The unemployment rate for May to July 2022 decreased by 0.2 percentage points on the quarter to 3.6%, the lowest rate since May to July 1974.

In the latest three-month period, the number of people unemployed for up to six months decreased to a record low, and those unemployed between 6 and 12 months increased. Meanwhile, the number of people unemployed for over 12 months continued to decrease.

The economic inactivity rate increased by 0.4 percentage points on the quarter to 21.7% in May to July 2022. This increase in the latest three month period was largely driven by those aged 16 to 24 years and those aged 50 to 64 years. Looking at economic inactivity by reason, the increase during the latest three-month period was driven by those inactive because they are students or long-term sick.
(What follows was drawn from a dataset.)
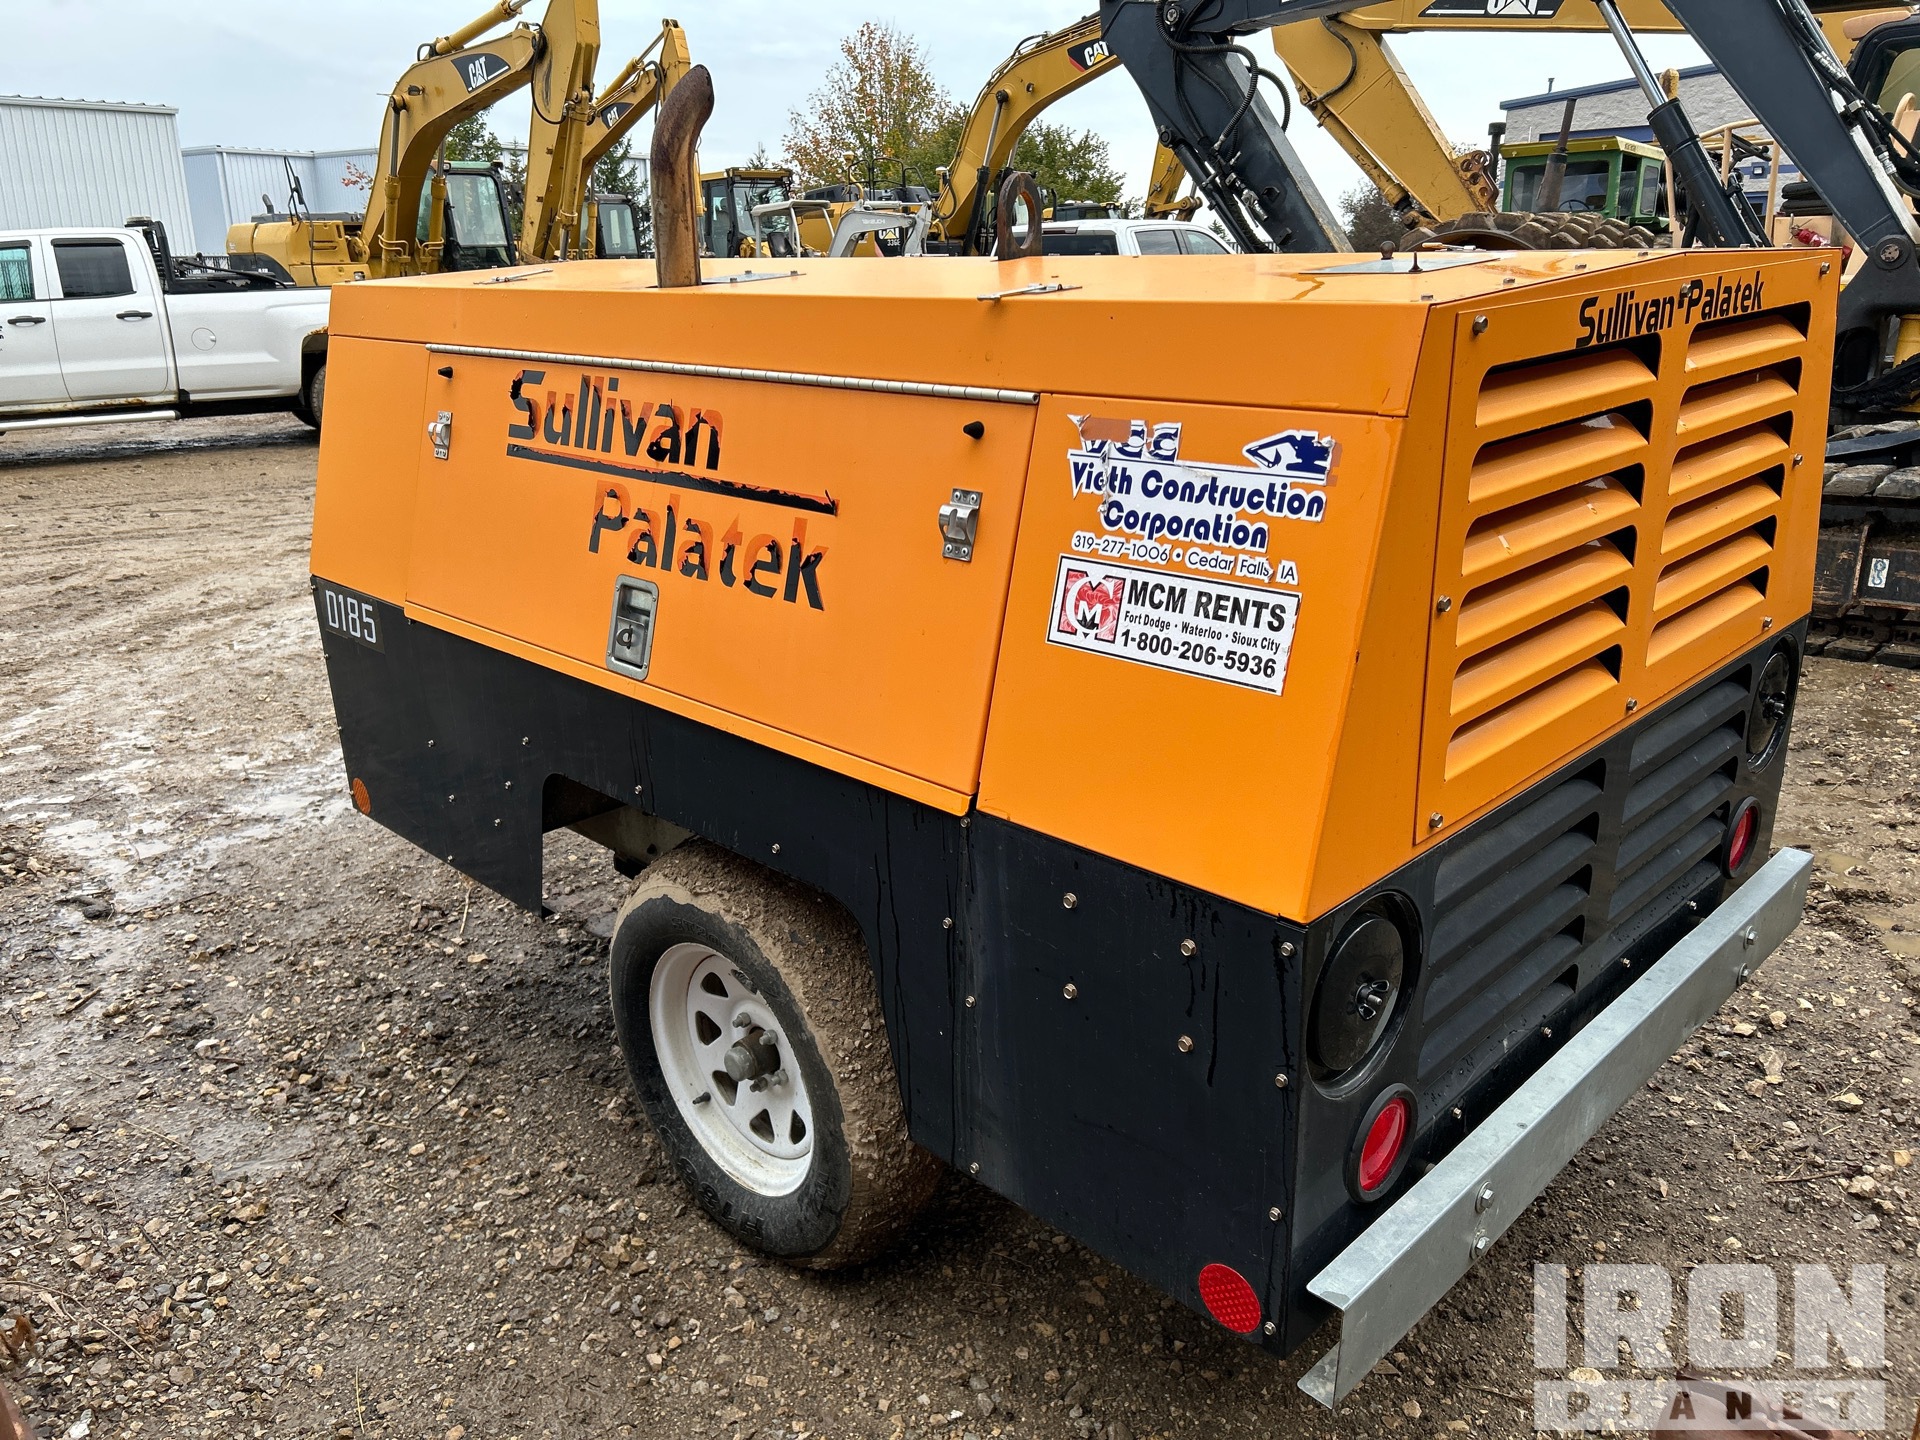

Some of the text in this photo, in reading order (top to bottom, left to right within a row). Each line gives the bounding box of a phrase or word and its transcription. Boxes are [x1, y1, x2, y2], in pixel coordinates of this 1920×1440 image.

Source: Office for National Statistics – Labour Force Survey

The UK employment rate for May to July 2022 for people aged 16 to 64 years decreased by 0.2 percentage points on the quarter to 75.4% and is still below pre-coronavirus (COVID-19) pandemic levels. Full-time employees and self-employed workers increased over the latest three-month period, while part-time employees decreased.  

The most timely estimate of payrolled employees for August 2022 shows a monthly increase, up 71,000 on the revised July 2022 figures, to a record 29.7 million.

The number of job vacancies in June to August 2022 was 1,266,000, a decrease of 34,000 from the previous quarter and the largest quarterly fall since June to August 2020.

The total number of Workforce Jobs in the UK in June 2022 rose by 290,000 on the quarter to a record 35.8 million, and for the first time exceeds the pre-coronavirus level of December 2019.

Growth in employees’ average total pay (including bonuses) was 5.5% and growth in regular pay (excluding bonuses) was 5.2% in May to July 2022. In real terms (adjusted for inflation), over the year, total pay fell by 2.6% and regular pay fell by 2.8%.

Average regular pay growth for the private sector was 6.0% in May to July 2022, and 2.0% for the public sector; outside of the height of the coronavirus pandemic period, this is the largest difference we have seen between the private sector and public sector.